Manuel Ugarte en camilla: futuro incierto en el United
Manuel Ugarte no llegó ni al descanso en el último partido de la fase de grupos del Mundial con Uruguay ante España. Se fue como ningún futbolista quiere irse de un gran torneo: en camilla, tras una acción tan extraña como dolorosa.
El centrocampista de Manchester United había encadenado su tercera titularidad del verano, fiel a su estilo: intensidad, recorridos largos, agresividad en la presión desde el pivote. Mucho colmillo, poca pausa. Pero esta vez fue un simple gesto técnico, mal ejecutado, el que le jugó la peor de las pasadas.

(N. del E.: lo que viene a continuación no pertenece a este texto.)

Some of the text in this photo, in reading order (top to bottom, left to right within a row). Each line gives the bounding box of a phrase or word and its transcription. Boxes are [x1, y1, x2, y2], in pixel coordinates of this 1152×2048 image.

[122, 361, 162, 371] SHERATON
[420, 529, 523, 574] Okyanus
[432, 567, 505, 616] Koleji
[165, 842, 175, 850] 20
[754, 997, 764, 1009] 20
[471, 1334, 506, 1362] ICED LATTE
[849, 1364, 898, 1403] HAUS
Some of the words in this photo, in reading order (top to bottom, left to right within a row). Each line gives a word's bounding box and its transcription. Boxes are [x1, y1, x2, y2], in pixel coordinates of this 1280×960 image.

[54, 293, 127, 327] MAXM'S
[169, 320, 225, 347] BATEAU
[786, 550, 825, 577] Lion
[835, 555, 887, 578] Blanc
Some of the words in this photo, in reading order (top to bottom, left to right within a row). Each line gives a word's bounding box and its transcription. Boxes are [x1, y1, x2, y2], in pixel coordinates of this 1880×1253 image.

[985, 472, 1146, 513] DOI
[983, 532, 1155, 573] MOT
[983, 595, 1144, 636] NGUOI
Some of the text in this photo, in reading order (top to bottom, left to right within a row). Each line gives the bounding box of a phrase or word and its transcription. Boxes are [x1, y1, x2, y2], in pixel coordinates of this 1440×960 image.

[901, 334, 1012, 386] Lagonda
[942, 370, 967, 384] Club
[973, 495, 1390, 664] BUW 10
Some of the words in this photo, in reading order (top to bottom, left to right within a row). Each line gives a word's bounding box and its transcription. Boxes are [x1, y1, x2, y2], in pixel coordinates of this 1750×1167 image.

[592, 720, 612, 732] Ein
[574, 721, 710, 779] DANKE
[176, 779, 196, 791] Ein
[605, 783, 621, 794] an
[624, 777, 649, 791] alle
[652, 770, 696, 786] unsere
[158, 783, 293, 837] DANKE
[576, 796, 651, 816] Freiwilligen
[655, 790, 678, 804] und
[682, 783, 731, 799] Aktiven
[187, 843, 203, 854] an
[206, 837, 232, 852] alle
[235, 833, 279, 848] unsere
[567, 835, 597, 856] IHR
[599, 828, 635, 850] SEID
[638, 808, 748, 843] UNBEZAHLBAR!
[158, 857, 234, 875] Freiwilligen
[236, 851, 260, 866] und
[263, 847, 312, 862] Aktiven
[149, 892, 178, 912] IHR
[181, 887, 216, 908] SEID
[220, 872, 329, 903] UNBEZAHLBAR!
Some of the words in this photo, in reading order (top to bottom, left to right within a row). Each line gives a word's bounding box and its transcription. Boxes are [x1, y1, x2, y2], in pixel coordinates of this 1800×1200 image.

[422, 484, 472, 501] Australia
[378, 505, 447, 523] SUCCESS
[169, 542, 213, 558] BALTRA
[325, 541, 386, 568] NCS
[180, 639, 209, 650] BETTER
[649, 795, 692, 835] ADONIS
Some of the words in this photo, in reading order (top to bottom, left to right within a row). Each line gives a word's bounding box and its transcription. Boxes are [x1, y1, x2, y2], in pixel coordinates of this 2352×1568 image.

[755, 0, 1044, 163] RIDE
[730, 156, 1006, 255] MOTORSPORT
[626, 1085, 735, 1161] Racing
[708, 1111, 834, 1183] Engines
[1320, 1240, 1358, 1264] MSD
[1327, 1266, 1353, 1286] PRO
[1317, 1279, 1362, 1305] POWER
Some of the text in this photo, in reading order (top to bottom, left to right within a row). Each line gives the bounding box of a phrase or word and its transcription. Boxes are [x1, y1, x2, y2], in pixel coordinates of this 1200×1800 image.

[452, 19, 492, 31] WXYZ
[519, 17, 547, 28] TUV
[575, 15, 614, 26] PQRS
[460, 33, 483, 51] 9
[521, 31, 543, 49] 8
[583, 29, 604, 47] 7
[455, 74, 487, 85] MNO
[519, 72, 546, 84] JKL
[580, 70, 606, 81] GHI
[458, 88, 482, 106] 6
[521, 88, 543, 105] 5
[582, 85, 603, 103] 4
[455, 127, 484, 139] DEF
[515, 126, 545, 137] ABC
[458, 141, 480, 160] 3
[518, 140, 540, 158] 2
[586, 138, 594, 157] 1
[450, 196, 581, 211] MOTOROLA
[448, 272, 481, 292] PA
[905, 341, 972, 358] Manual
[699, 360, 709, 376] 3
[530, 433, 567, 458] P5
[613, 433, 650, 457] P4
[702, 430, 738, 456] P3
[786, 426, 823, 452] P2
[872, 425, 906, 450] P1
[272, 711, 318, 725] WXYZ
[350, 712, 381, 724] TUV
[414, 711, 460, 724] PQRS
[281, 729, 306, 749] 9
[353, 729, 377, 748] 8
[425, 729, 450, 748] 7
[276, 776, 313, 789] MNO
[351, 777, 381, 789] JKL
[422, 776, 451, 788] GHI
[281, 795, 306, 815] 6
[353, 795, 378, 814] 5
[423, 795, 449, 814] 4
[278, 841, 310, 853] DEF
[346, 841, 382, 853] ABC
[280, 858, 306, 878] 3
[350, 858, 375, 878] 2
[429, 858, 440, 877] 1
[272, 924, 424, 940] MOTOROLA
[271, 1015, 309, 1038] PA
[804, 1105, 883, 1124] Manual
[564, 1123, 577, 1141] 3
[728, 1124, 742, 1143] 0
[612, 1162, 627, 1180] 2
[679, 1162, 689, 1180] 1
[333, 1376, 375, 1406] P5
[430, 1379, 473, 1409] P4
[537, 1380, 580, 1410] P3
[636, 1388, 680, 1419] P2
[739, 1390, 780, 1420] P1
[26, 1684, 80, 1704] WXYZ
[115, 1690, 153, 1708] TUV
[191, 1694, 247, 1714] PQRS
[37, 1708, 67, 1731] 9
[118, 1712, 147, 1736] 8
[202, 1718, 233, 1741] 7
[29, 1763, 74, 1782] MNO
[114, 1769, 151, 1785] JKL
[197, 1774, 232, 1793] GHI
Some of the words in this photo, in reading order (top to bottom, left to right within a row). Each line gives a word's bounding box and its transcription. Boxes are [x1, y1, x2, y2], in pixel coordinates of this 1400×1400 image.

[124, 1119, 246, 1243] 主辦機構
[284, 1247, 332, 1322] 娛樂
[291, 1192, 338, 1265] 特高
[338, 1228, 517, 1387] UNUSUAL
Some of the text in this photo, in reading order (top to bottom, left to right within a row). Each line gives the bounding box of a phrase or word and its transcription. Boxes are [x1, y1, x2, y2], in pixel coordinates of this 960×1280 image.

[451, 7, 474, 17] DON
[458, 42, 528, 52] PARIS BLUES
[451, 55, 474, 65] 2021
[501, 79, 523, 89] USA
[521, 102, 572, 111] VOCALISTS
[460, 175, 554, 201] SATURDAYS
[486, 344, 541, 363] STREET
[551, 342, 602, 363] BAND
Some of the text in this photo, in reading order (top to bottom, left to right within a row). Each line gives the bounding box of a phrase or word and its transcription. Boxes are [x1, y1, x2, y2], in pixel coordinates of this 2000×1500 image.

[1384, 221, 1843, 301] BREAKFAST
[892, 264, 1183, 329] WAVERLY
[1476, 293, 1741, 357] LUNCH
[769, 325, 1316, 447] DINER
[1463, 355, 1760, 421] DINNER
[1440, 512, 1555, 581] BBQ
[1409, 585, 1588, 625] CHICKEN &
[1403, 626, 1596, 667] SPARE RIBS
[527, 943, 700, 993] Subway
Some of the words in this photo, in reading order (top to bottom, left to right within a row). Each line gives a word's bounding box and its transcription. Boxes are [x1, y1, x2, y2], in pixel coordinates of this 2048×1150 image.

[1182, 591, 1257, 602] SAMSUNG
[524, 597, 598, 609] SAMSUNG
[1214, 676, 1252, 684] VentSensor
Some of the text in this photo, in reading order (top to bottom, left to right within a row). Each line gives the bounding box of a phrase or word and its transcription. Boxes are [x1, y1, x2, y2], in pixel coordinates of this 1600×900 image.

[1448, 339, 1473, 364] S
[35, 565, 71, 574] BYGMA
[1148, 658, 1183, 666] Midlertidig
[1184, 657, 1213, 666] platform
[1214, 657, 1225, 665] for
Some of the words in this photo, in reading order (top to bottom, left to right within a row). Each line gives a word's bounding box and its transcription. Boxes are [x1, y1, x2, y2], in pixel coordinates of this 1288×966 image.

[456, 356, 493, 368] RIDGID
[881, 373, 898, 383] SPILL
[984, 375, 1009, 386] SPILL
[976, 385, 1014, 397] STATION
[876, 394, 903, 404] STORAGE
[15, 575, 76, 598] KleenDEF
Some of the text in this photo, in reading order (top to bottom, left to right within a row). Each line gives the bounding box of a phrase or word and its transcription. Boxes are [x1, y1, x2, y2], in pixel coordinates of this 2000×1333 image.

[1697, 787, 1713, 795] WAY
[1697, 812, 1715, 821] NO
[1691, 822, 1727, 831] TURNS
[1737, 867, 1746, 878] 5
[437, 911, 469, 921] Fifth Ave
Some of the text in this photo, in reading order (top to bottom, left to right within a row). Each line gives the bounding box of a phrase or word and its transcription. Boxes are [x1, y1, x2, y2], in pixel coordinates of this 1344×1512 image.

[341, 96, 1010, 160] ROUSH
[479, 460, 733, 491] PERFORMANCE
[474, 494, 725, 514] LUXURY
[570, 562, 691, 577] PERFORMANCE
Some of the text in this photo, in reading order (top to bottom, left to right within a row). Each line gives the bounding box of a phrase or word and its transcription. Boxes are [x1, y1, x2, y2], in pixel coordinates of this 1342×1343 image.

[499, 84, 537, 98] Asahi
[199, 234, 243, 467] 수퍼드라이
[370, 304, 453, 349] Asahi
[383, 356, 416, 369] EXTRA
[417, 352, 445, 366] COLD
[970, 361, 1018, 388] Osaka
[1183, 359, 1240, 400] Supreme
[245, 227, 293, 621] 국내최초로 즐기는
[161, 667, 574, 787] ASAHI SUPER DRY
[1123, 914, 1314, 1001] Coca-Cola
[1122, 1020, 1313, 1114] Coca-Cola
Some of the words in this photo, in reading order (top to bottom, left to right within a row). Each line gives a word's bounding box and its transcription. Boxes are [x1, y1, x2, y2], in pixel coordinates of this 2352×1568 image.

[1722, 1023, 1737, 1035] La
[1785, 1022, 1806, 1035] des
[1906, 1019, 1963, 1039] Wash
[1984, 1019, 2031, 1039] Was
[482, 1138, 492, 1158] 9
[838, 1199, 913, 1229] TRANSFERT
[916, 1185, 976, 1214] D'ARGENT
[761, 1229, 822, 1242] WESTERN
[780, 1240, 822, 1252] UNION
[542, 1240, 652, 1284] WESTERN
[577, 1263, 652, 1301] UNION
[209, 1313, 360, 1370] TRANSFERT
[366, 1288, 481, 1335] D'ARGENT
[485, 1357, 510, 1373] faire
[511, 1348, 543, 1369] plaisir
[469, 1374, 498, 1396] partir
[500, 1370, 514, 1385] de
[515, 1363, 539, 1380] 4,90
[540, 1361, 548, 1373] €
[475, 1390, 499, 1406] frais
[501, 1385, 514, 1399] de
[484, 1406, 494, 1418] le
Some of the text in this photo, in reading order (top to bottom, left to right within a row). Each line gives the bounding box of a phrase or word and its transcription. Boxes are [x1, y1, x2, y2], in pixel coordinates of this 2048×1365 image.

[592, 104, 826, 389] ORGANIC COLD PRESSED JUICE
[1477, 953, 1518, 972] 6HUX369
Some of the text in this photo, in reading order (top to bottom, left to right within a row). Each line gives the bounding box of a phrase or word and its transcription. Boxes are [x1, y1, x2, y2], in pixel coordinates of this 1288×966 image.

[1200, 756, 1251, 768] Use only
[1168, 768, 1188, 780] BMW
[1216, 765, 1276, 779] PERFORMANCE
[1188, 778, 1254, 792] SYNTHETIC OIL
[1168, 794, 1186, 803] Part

Con el marcador todavía en 0–0 y España amasando la posesión lejos del área celeste, Ugarte saltó a la presión junto a Mathías Olivera y Rodrigo Bentancur sobre Pedri. Tres camisetas uruguayas cerrando el círculo sobre el 25 español. Ninguna tocó ni al jugador ni al balón. Ugarte, en cambio, clavó los tacos en el césped y la rodilla se le quedó enganchada en una postura feísima.
El gesto fue inmediato: mano a la pierna, rostro desencajado y los médicos entrando a toda prisa. La jugada siguió, Uruguay quedó desordenada y España castigó en la misma acción, sin interrupción. Gol en contra mientras su mediocentro se retorcía en el suelo. Doble golpe.
Tras varios minutos de atención sobre el césped, Ugarte abandonó el campo en camilla, entre la preocupación de sus compañeros y el silencio pesado de quienes saben que ese tipo de lesiones rara vez son banales.
De la rodilla al mercado: Old Trafford contiene la respiración
La prioridad, para selección y club, es evidente: saber qué tiene exactamente Ugarte y cuánto tiempo estará fuera. La frase que Sir Alex Ferguson repetía como un mantra vuelve a escena: el fútbol no es teoría, lo juegan cuerpos de carne y hueso, con límites y cicatrices.
Una vez se despeje el parte médico, en Old Trafford la mirada volverá a ser la de siempre: la del gestor de activos. Ugarte no logró asentarse la pasada temporada. Apenas ocho titularidades en la Premier League y solo una desde la llegada de Michael Carrick al banquillo en enero. Demasiado poco para un fichaje de 66 millones de dólares (50 millones de libras) en 2024.
El plan, hasta este Mundial, parecía claro: salida pactada, cambio de aires y alivio para todas las partes. Desde Italia habían surgido varios pretendientes de Serie A, operaciones de cesión o traspaso a la baja que permitieran al United aligerar masa salarial y liberar espacio en el centro del campo.
Ese escenario se tambalea. Ningún club va a comprometer una cantidad importante por un jugador cuya última imagen competitiva es una camilla y una rodilla en interrogante. Incluso si los médicos descartan una rotura de ligamento cruzado, vender a un futbolista recién lesionado es una tarea casi imposible en el mercado actual.
El rompecabezas del mediocampo del United
En Manchester ya preparaban una reconstrucción profunda de la medular. Hay que encontrar relevo para Casemiro y sumar fondo de armario para proteger a Kobbie Mainoo, llamado a jugar mucho más de media temporada en la 2026–27. El plan incluía, de forma bastante lógica, la salida de Ugarte para abrir hueco a otro fichaje.
Ahora todo se frena. Si el uruguayo debe pasar meses en rehabilitación, el club tendrá que decidir si asume su ficha mientras se recupera y pospone la venta, o si reestructura el verano priorizando llegadas a coste bajo y operaciones de oportunidad. Lo que parecía una carpeta casi cerrada se ha convertido en el gran interrogante del verano en el centro del campo del United.
Ugarte, que buscaba en este Mundial el escaparate perfecto para relanzar su carrera de club, se marcha del torneo con una incógnita médica y un futuro inmediato en suspenso. Para un jugador construido sobre el choque, la intensidad y la fiabilidad física, la próxima entrada que más importa no es la de un rival, sino la del diagnóstico del doctor. Y de ese parte puede depender buena parte del mediocampo del United en la próxima temporada.